Exercise material -
══════════════════════════════
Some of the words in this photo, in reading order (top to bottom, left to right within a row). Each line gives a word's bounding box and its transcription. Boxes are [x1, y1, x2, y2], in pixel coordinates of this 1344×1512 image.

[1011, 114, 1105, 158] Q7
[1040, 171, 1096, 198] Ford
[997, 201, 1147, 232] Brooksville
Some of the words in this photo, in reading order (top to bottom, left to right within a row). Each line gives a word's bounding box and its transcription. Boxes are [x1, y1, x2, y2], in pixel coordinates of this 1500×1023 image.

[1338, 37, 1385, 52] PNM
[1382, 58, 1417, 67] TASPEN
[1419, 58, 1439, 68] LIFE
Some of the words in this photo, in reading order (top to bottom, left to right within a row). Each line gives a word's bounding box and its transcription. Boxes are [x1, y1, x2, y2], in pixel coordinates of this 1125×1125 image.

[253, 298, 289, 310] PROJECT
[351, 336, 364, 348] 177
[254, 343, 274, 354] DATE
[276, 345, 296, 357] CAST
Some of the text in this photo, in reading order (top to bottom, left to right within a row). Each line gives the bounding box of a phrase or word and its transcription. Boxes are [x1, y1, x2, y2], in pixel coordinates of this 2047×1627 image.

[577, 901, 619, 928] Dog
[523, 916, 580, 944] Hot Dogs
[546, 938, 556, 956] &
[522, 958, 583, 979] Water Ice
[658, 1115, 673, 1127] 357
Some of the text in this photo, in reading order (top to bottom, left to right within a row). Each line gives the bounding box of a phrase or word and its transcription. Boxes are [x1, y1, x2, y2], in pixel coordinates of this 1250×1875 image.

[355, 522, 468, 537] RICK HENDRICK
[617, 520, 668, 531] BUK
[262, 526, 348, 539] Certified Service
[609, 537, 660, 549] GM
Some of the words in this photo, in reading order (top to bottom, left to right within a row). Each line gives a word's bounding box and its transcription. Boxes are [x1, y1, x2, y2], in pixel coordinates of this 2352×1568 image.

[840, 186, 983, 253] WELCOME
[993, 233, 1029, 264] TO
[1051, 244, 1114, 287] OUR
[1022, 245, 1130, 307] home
══════════════════════════════
Problem -
Transcribe the data above verbatim.

Task answer -
Some of the words in this photo, in reading order (top to bottom, left to right within a row). Each line gives a word's bounding box and its transcription. Boxes are [x1, y1, x2, y2], in pixel coordinates of this 1344×1512 image.

[1011, 114, 1105, 158] Q7
[1040, 171, 1096, 198] Ford
[997, 201, 1147, 232] Brooksville
Some of the words in this photo, in reading order (top to bottom, left to right within a row). Each line gives a word's bounding box and its transcription. Boxes are [x1, y1, x2, y2], in pixel coordinates of this 1500×1023 image.

[1338, 37, 1385, 52] PNM
[1382, 58, 1417, 67] TASPEN
[1419, 58, 1439, 68] LIFE
Some of the words in this photo, in reading order (top to bottom, left to right within a row). Each line gives a word's bounding box and its transcription. Boxes are [x1, y1, x2, y2], in pixel coordinates of this 1125×1125 image.

[253, 298, 289, 310] PROJECT
[351, 336, 364, 348] 177
[254, 343, 274, 354] DATE
[276, 345, 296, 357] CAST
Some of the text in this photo, in reading order (top to bottom, left to right within a row). Each line gives the bounding box of a phrase or word and its transcription. Boxes are [x1, y1, x2, y2], in pixel coordinates of this 2047×1627 image.

[577, 901, 619, 928] Dog
[523, 916, 580, 944] Hot Dogs
[546, 938, 556, 956] &
[522, 958, 583, 979] Water Ice
[658, 1115, 673, 1127] 357
Some of the text in this photo, in reading order (top to bottom, left to right within a row). Each line gives the bounding box of a phrase or word and its transcription. Boxes are [x1, y1, x2, y2], in pixel coordinates of this 1250×1875 image.

[355, 522, 468, 537] RICK HENDRICK
[617, 520, 668, 531] BUK
[262, 526, 348, 539] Certified Service
[609, 537, 660, 549] GM
Some of the words in this photo, in reading order (top to bottom, left to right within a row). Each line gives a word's bounding box and its transcription. Boxes are [x1, y1, x2, y2], in pixel coordinates of this 2352×1568 image.

[840, 186, 983, 253] WELCOME
[993, 233, 1029, 264] TO
[1051, 244, 1114, 287] OUR
[1022, 245, 1130, 307] home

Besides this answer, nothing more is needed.